Just in case anyone is curious, Santa didn't give this to me (before you call on me saying such a tidbit was unnecessary, keep in mind that I did put it in my wishlist-ish list). I ranted sometime ago that the kindle edition was far too expensive (even more expensive than the frickin' paperback! The nerve!), but in the end, my yearning to read and devour this book triumphed over my disgust. Sigh. We bookworms are too soft, I tell you. Them companies just know we'll never be able to hold out.

But no matter. I shall try to convince myself and manipulate my mind to think that the book was expensive because Eireann Corrigan is a damn good writer. With all my heart and soul, I declare her one of the best out there. She doesn't just know how to write, she also knows how to deliver a story. A writer AND a storyteller. I kid you not when I say such writers are far and few between. With that said, I now proclaim the big, fat, sinful price of $11.89 (which was $12+ a few days before) forgiven. Well, kinda.

I'm still unsure how to talk about my feelings and thoughts of this book. I confess that it took me 2 days to read all of it, which is actually long given how fast I read, but this was the kind of book that you just don't read mindlessly. It will make you think about a lot of things, and maybe even provoke you to take a break because it can be quite overwhelming. It was a rather roller coaster ride, that I will admit. So what we have here are a bunch of teenagers who've had somewhat dysfunctional lives and a middle-aged, charismatic (read: creepy) guy who tries to take advantage of them using spiritual development and character growth as a pretext. If that doesn't sound like a juicy premise to you, then I don't know what does.

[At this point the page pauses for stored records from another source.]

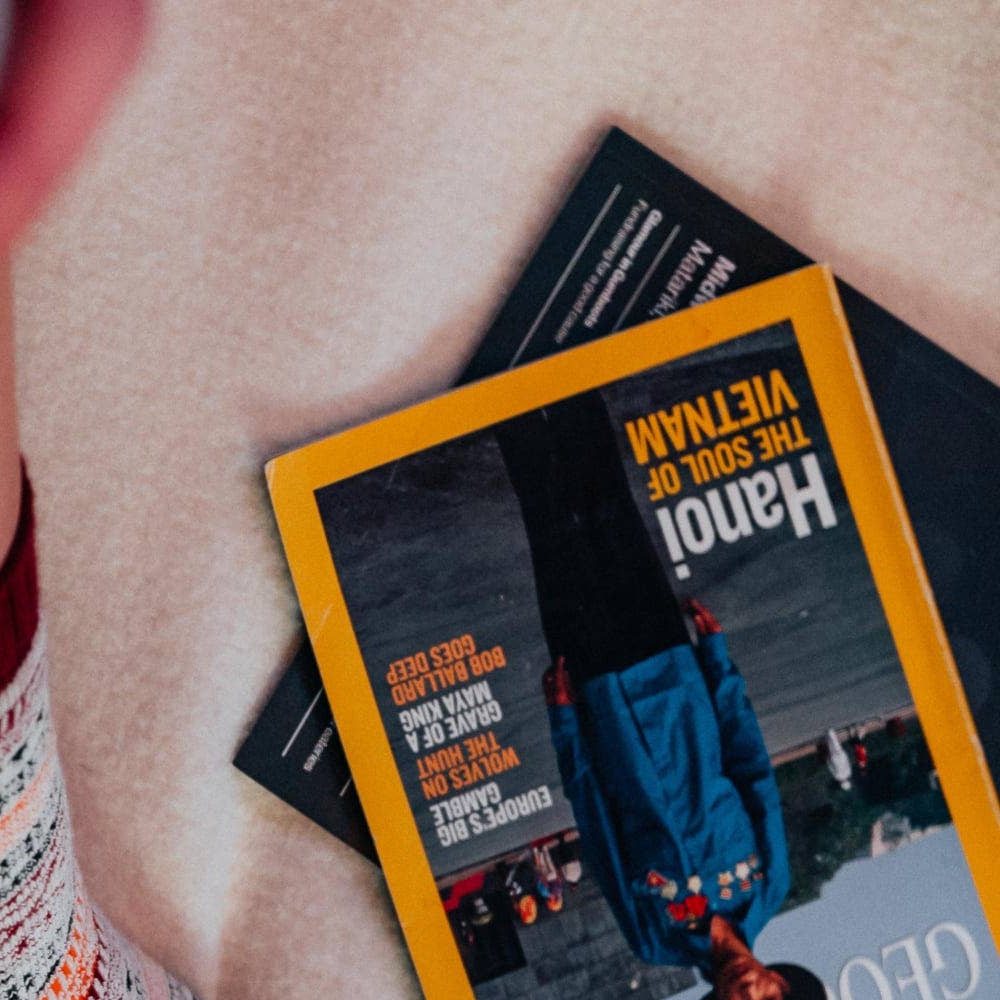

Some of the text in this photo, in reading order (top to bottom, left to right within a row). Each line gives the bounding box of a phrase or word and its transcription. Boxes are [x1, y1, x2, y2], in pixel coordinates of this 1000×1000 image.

[584, 209, 663, 328] Glamour in Gumboots
[596, 261, 611, 277] for
[572, 281, 595, 314] good
[624, 368, 799, 465] VIETNAM
[647, 416, 812, 501] THE SOUL OF
[655, 452, 838, 580] Hanoi
[385, 634, 476, 685] GOES DEEP
[391, 645, 507, 706] BOB BALLARD
[399, 680, 493, 732] MAYA KING
[405, 700, 503, 753] GRAVE OF A
[303, 727, 333, 773] eateries
[416, 730, 501, 780] THE HUNT
[421, 746, 521, 800] WOLVES ON
[429, 781, 501, 827] GAMBLE
[437, 785, 553, 847] EUROPE'S BIG
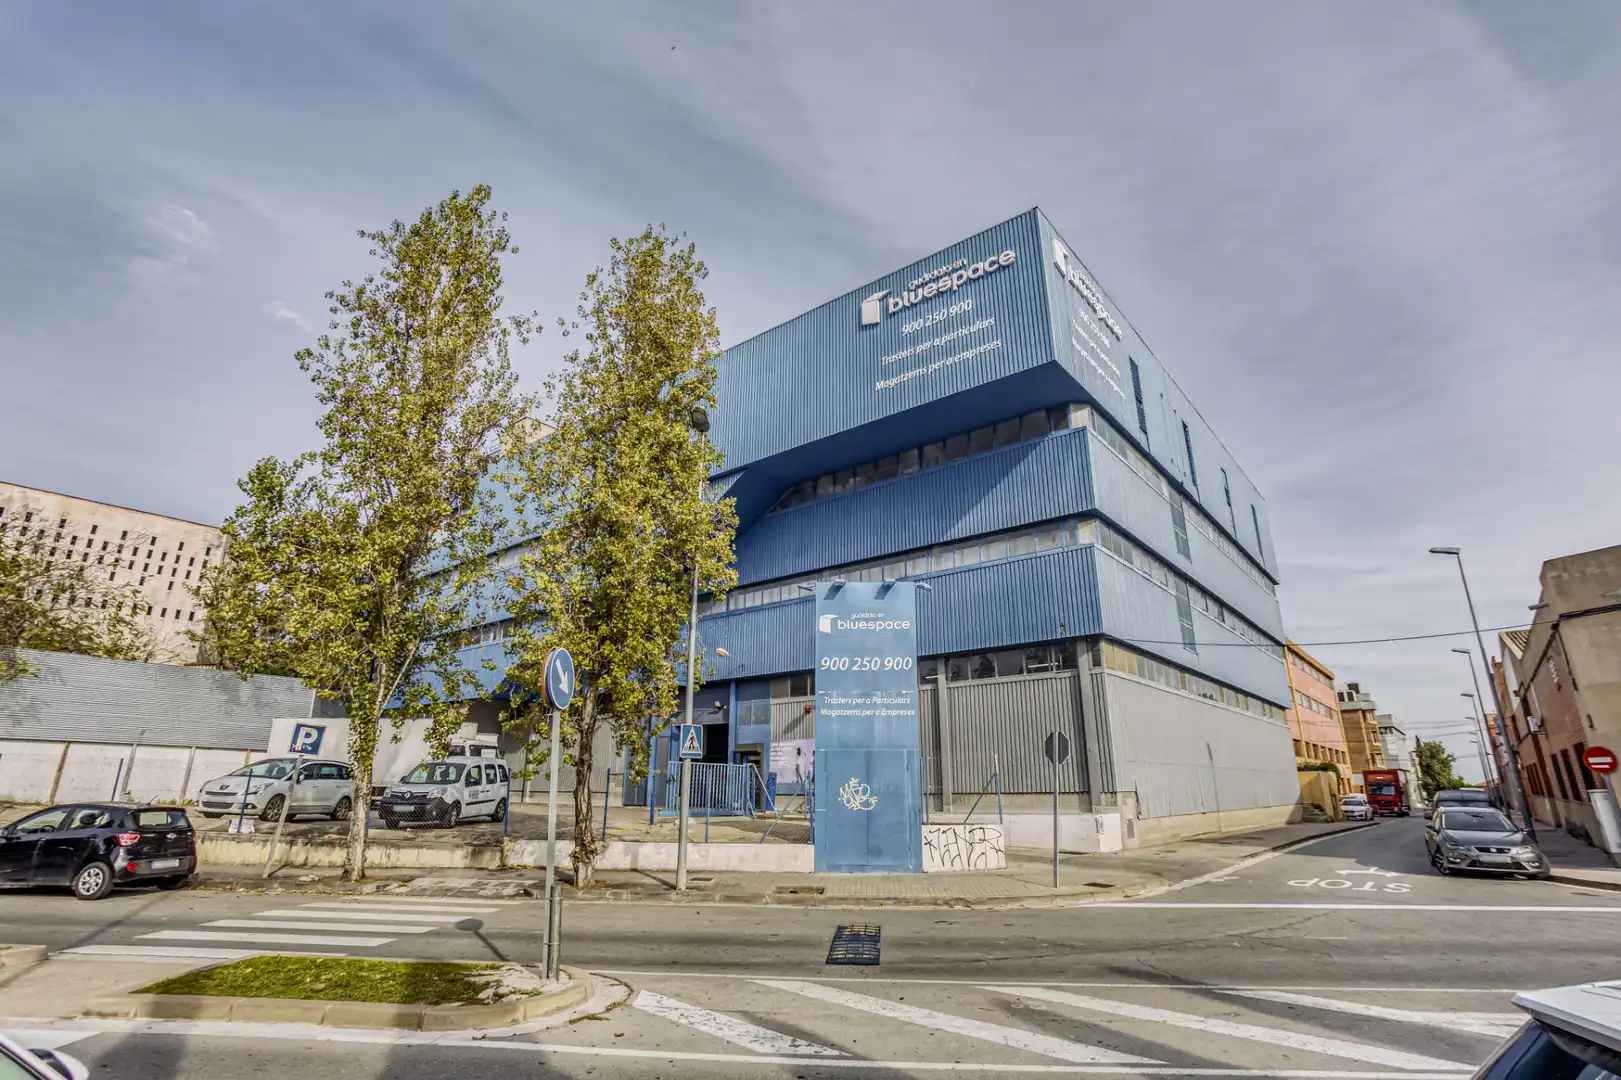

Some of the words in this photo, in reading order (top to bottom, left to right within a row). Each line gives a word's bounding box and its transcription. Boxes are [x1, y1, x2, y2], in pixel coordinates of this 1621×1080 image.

[889, 249, 1016, 314] bluespace
[902, 319, 923, 336] 900
[925, 309, 947, 327] 250
[949, 299, 972, 317] 900
[881, 347, 915, 365] Trasters
[916, 340, 932, 354] per
[933, 336, 940, 346] a
[941, 317, 995, 345] particulars
[875, 366, 927, 391] Magatzems
[928, 358, 944, 374] per
[946, 357, 953, 366] a
[954, 339, 1001, 362] empreses
[837, 619, 911, 632] bluespace
[821, 656, 848, 671] 900
[851, 656, 880, 671] 250
[884, 656, 912, 671] 900
[824, 696, 852, 705] Trasters
[852, 698, 866, 706] per
[872, 696, 911, 705] Particulars
[820, 707, 860, 718] Magatzems
[861, 709, 875, 717] per
[881, 707, 915, 718] Empreses
[296, 726, 318, 751] P
[1287, 878, 1412, 893] STOP

Where to begin? The writing. I've already stated that Eireann Corrigan is an awesome writer, and I still stand by that. I liked how she portrayed the characters, the escalation of events (a.k.a. brainwashing?) and the twists, turns, and tensions that were scattered all throughout the book. Sure, there were some predictable stuff here and there, but the author has written them in such a way that the revelation of such were still "shocking" and maybe a li'l bit "enjoyable". Prose was delightful to read as well. They were crafted and put together so well that sometimes I'd try to slow down so I can savor them a little while longer. The dialogues didn't seem forced and they actually felt natural. Okay, some were kinda creepy, but hey, the character saying those stuff was creepy in the first place, so that's forgiven.

Now that that's out of the way, let's focus on the characters. I had a love-hate relationship with the main Greer. I loved that she was observant, reflective and had common sense, but damn, her dependency on Addison, to the point of stupidity, was just mindblowingly annoying. She knew things were wrong, she knew the situations didn't feel right, but she was still willing to act all innocent and naïve and play along with all of it just because she loved her boyfriend and didn't want to lose him. Girl, get your shit together. I didn't like how she acted like she had no self-respect because of a brainwashed boy. Geezus, her dependency on him was all over the place 75% of the time and it almost drove me crazy. But then again, that was her character, and she was a troubled teen who was yearning for love and affection and Addison gave her that. I recognized her longing for a sense of security, so I brushed off this pet peeve of mine and tried not to let it cloud my judgement on a good and well-written book. I still like her, and I felt proud in the times she did try to make a stand. I just wish she wasn't so head-over-heels for a guy.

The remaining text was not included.